Na declaração de voto que apresentou, a vereadora comunista adiantou que “o regimento e a lei geral do regime jurídico das autarquias locais (lei nº 75/2013), prevê no número 2 do artigo 53, que a ordem do dia seja entregue a todos os membros do órgão com a antecedência mínima de dois dias úteis sobre a data do início da sessão ou reunião, enviando-se-lhes, em simultâneo, a respetiva documentação”.

“Não é primeira vez que tal acontece e também não é por falta de referência a esta prevaricação que a situação muda, podendo afirmar que o respeito para com a eleita da CDU é indiferente para quem detém a maioria neste órgão deliberativo”, sustentou.

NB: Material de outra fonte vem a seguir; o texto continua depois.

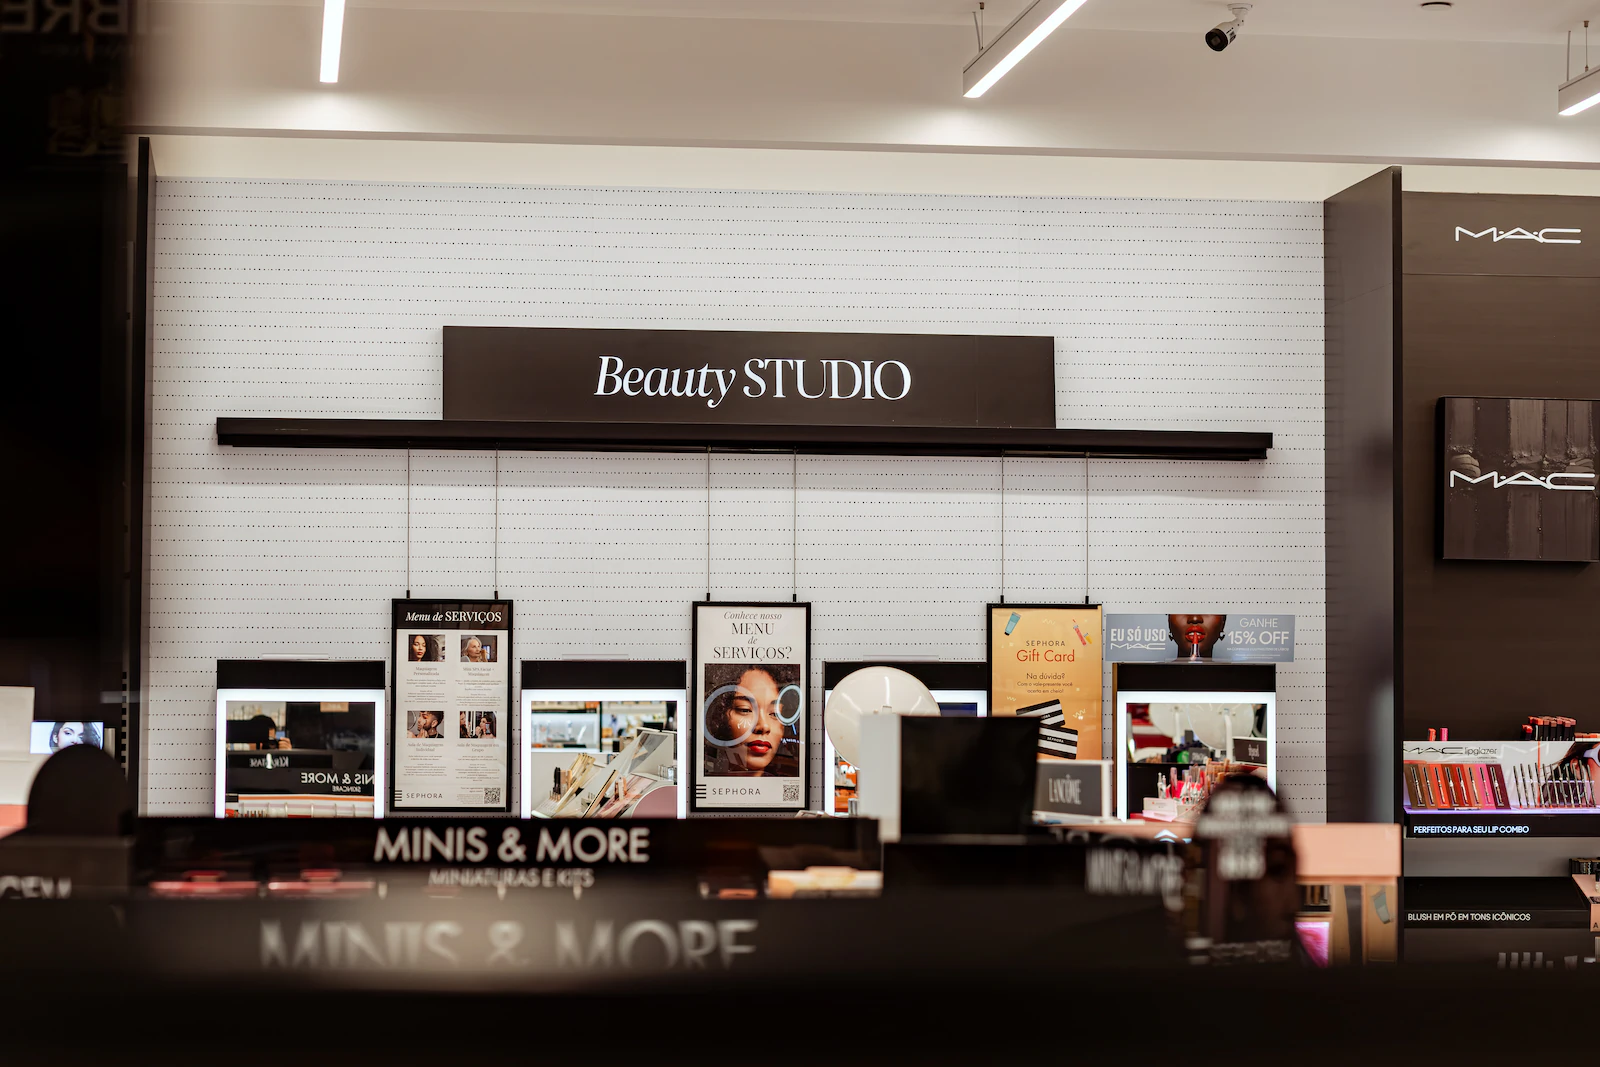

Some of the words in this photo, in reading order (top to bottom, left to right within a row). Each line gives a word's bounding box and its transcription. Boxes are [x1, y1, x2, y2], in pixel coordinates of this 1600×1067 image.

Cláudia Marinho sublinhou ser “impossível analisar documentos de extrema importância em tão pouco tempo e com a devido rigor e responsabilidade que estes merecem e acarretam”.

“Não fui eleita para fazer tábua rasa do que me é apresentado. Fui eleita para propor, sugerir, acrescentar, alterar, mas também para denunciar situações lesivas ao município e por sua vez à população”, reforçou.

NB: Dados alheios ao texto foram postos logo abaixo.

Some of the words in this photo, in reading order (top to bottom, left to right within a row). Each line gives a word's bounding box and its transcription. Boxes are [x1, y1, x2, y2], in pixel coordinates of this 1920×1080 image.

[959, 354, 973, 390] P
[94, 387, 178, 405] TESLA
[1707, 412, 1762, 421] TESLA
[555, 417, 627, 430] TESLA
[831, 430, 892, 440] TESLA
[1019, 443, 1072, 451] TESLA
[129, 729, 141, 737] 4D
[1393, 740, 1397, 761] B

Já a vereadora independente, Paula Cristina Veiga, votou contra, alegando “coerência” com o sentido de voto que tomou aquando da aprovação do Plano De Atividades e Orçamento para 2020, na altura na bancada do PSD.

O executivo municipal aprovou por unanimidade deu o Plano de Transportes Escolares e aos Auxílios Económicos a alunos do 1º Ciclo do Ensino Básico e da Educação Pré-escolar para o ano letivo 2021/2022, que representam um investimento global de mais de 1,7 milhões de euros.

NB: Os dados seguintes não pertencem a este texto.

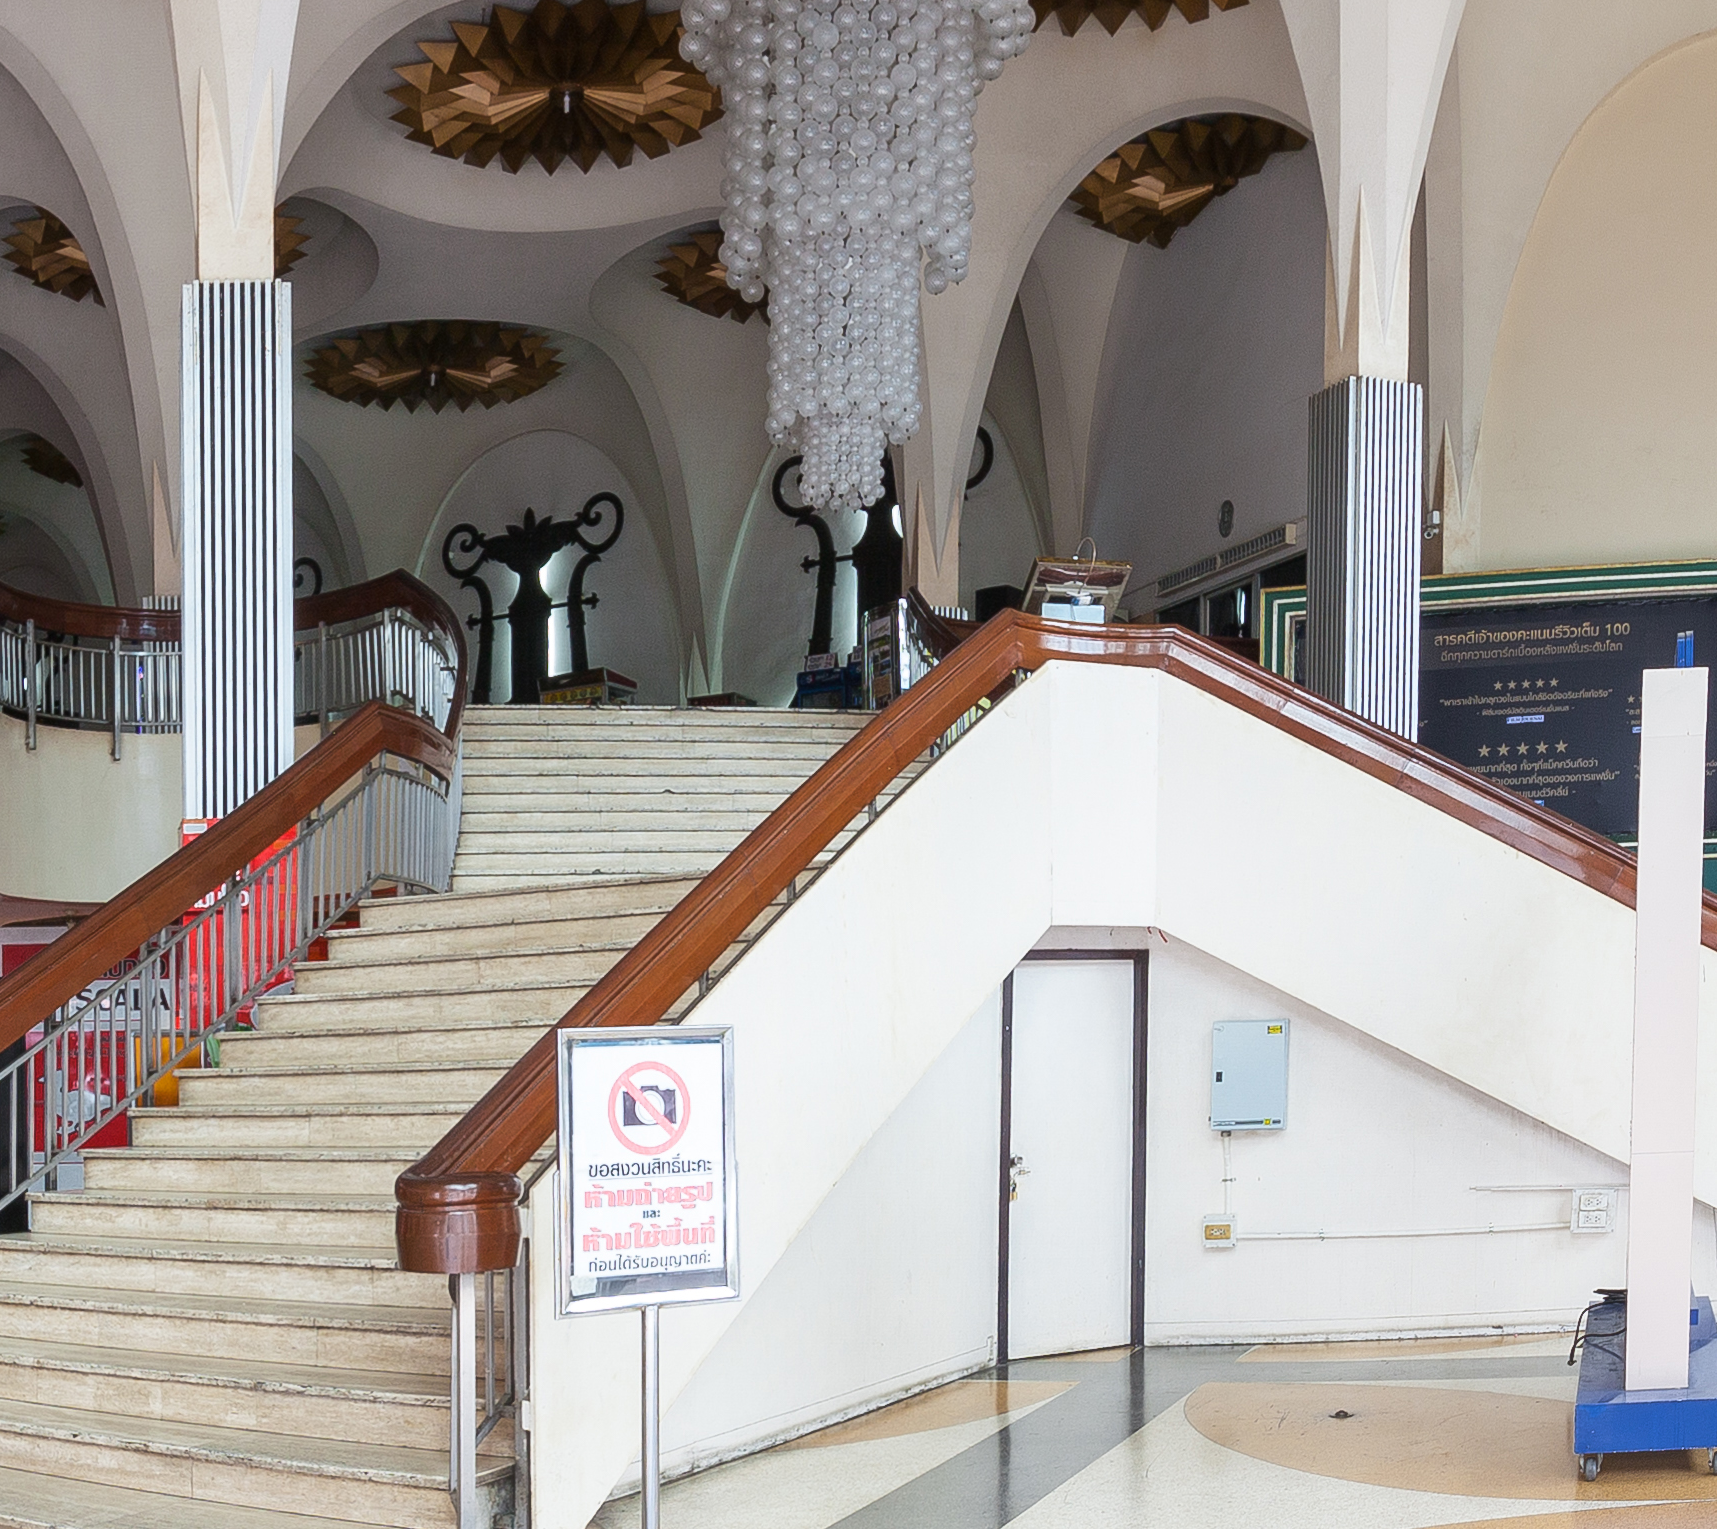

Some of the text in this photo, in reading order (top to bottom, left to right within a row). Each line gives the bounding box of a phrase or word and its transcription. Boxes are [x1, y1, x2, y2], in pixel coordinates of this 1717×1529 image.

O Plano de Transportes Escolares corresponde a um investimento superior a 1,262 milhões de euros, garantindo o apoio a 1.889 alunos do concelho vianense, a transportar diariamente no percurso casa-escola.

Do ensino “pré-escolar está previsto o transporte de 527 alunos, do 3º ciclo de 694 alunos, do ensino secundário 656 alunos, bem como 324 alunos dos diversos ciclos integrados nos circuitos especiais”.

Foi ainda aprovado por unanimidade o regulamento municipal da nova zona industrial de Alvarães, cuja construção iniciar-se-á este ano e custará mais de nove milhões de euros.

O documento esteve em discussão pública, e não recebeu “qualquer participação”.

Em fevereiro, na apresentação do projeto, o vereador com os pelouros do Planeamento e Gestão Urbanística, Desenvolvimento Económico, e Coesão Territorial, Luís Nobre, disse que a construção da nova zona industrial de Alvarães Norte vai começar este ano, num investimento de mais de nove milhões de euros, respondendo a manifestações de investimento que vão criar cerca de mil empregos.